» EXERCISE DIRECTIONS: An exact copy is needed of each line from the one including "this 1500×1334 image." through the last line of the entries, both ends counted, with nothing added.

(RECORD EXTRACTS begins)

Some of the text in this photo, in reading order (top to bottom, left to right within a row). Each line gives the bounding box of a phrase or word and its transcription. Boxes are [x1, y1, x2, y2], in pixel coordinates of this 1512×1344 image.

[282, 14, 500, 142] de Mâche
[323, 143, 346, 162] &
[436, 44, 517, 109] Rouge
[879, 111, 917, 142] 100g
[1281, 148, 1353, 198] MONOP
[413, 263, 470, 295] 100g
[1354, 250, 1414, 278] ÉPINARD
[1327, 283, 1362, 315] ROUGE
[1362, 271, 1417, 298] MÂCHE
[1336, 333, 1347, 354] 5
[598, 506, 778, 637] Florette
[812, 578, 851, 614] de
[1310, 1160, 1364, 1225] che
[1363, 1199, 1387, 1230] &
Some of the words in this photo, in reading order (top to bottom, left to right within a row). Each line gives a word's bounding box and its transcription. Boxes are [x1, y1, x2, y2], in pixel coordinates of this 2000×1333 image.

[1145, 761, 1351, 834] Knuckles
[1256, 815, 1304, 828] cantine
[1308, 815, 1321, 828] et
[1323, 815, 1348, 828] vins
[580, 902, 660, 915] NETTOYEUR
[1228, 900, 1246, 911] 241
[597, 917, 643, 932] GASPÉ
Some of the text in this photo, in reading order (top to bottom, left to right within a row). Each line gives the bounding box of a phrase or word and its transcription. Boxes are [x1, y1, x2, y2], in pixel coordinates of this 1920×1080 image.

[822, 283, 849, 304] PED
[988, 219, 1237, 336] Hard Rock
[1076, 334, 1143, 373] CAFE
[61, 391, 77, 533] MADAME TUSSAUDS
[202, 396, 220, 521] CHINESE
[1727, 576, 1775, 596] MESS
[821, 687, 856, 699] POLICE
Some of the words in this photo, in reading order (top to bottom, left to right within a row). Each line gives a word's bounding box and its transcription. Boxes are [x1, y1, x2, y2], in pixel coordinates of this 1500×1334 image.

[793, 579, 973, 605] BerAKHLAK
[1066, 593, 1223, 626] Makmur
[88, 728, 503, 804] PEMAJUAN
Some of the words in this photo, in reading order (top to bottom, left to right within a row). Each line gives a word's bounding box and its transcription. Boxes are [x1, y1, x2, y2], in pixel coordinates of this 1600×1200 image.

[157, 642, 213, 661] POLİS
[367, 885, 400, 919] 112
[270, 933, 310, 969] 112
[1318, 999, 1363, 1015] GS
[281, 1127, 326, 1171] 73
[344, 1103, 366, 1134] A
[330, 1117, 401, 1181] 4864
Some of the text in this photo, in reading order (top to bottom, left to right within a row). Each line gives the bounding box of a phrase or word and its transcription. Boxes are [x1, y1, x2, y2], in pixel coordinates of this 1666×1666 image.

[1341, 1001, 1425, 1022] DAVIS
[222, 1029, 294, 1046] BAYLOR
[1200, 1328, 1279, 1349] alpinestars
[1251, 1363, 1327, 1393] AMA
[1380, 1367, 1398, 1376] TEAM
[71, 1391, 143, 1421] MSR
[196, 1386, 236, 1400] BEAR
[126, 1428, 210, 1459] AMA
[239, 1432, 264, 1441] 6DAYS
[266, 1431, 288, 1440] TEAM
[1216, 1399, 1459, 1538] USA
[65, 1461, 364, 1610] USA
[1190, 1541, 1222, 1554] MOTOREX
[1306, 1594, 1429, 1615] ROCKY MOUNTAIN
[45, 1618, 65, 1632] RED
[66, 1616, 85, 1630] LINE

(RECORD EXTRACTS ends)

» YOUR SOLUTION:
Some of the words in this photo, in reading order (top to bottom, left to right within a row). Each line gives a word's bounding box and its transcription. Boxes are [x1, y1, x2, y2], in pixel coordinates of this 1500×1334 image.

[793, 579, 973, 605] BerAKHLAK
[1066, 593, 1223, 626] Makmur
[88, 728, 503, 804] PEMAJUAN
Some of the words in this photo, in reading order (top to bottom, left to right within a row). Each line gives a word's bounding box and its transcription. Boxes are [x1, y1, x2, y2], in pixel coordinates of this 1600×1200 image.

[157, 642, 213, 661] POLİS
[367, 885, 400, 919] 112
[270, 933, 310, 969] 112
[1318, 999, 1363, 1015] GS
[281, 1127, 326, 1171] 73
[344, 1103, 366, 1134] A
[330, 1117, 401, 1181] 4864
Some of the text in this photo, in reading order (top to bottom, left to right within a row). Each line gives the bounding box of a phrase or word and its transcription. Boxes are [x1, y1, x2, y2], in pixel coordinates of this 1666×1666 image.

[1341, 1001, 1425, 1022] DAVIS
[222, 1029, 294, 1046] BAYLOR
[1200, 1328, 1279, 1349] alpinestars
[1251, 1363, 1327, 1393] AMA
[1380, 1367, 1398, 1376] TEAM
[71, 1391, 143, 1421] MSR
[196, 1386, 236, 1400] BEAR
[126, 1428, 210, 1459] AMA
[239, 1432, 264, 1441] 6DAYS
[266, 1431, 288, 1440] TEAM
[1216, 1399, 1459, 1538] USA
[65, 1461, 364, 1610] USA
[1190, 1541, 1222, 1554] MOTOREX
[1306, 1594, 1429, 1615] ROCKY MOUNTAIN
[45, 1618, 65, 1632] RED
[66, 1616, 85, 1630] LINE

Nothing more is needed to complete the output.